Expectativa do consumidor cai, aponta a FGV

O consumidor está frustrado com a recuperação da economia, que não ocorre no ritmo esperado, revela a Sondagem de Expectativas do Consumidor, divulgada ontem pela Fundação Getúlio Vargas (FGV). A queda de 1,4% do Índice de Confiança do Consumidor (ICC), que compõe a sondagem, reflete cenário de pessimismo com a capacidade da economia de reagir à crise, explica a economista Viviane Seda, do Instituto Brasileiro de Economia da FGV (Ibre/FGV).

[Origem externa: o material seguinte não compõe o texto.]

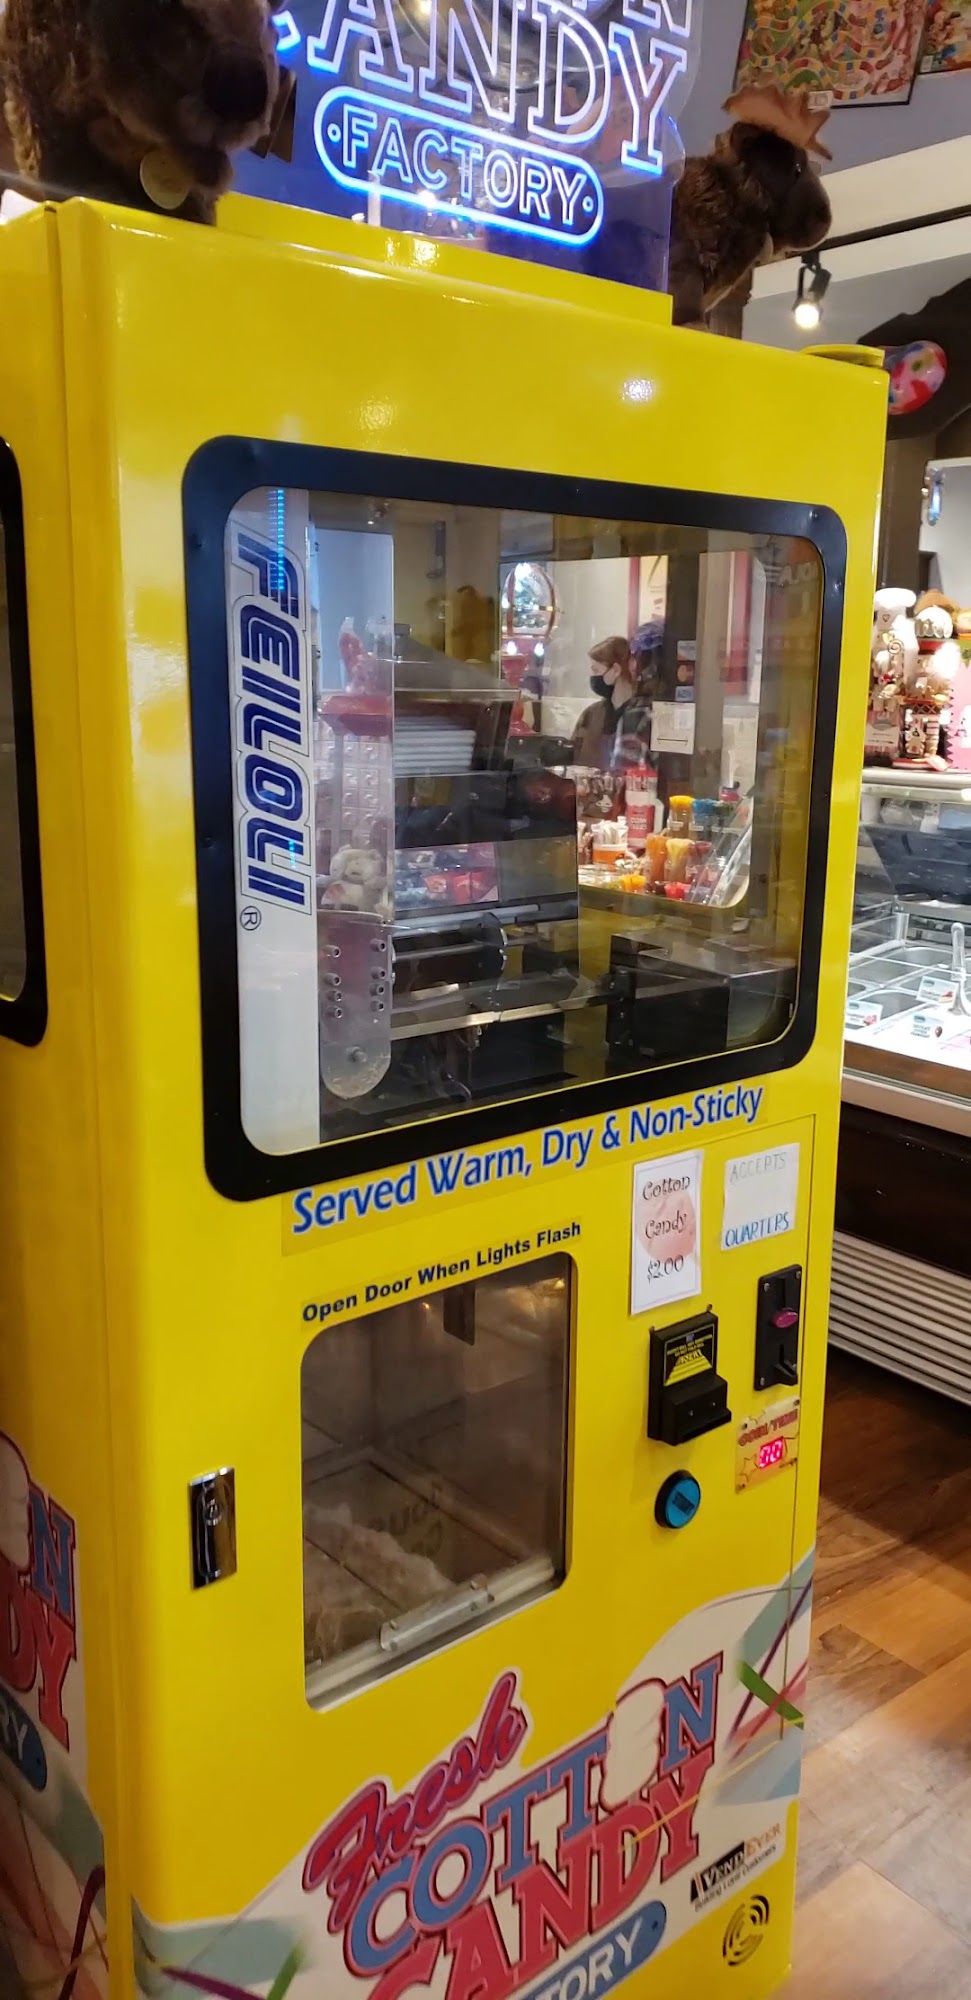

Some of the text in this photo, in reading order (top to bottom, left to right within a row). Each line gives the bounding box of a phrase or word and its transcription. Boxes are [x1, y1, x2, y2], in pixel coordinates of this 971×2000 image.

[272, 0, 687, 174] ANDY
[343, 104, 588, 226] FACTORY
[237, 532, 306, 906] FEILOLI
[292, 1084, 764, 1234] Served Warm, Dry & Non-Sticky
[642, 1173, 691, 1202] Cotton
[730, 1151, 787, 1185] ACCEPTS
[302, 1221, 581, 1322] Open Door When Lights Flash
[645, 1209, 688, 1240] Candy
[647, 1254, 684, 1284] $2.00
[725, 1210, 790, 1248] QUARTERS
[303, 1671, 527, 1934] Fresh

FERNANDA NUNES / RIO, O Estado de S.Paulo

27 de novembro de 2012 | 02h09

Em novembro, a avaliação do consumidor sobre a situação voltou a cair (-0,7%), após dois meses de alta, enquanto as expectativas para os próximos seis meses ficaram ainda piores. O Índice de Expectativa (IE), que junto com o Índice de Situação Atual (ISA) forma o ICC, ficou negativo em 1,9%, após retração de 1% em outubro ante setembro.

"Historicamente, o índice está bastante acima da média. Mas não era esperado que caísse no fim do ano, período de emprego temporário, compras de Natal e renda extra", destacou Viviane.

As projeções sobre a economia são ainda piores entre os entrevistados das faixas de renda mais baixas. Para aqueles com rendimento mensal de até R$ 2,1 mil, da faixa um, o ICC caiu 4,3%; para as famílias com renda de R$ 2,1 mil a R$ 4,8 mil, da faixa dois, a queda foi de 2,1%. Para estes dois grupos, pesam no orçamento dívidas ainda não sanadas e a perspectiva de que o mercado de trabalho perde fôlego.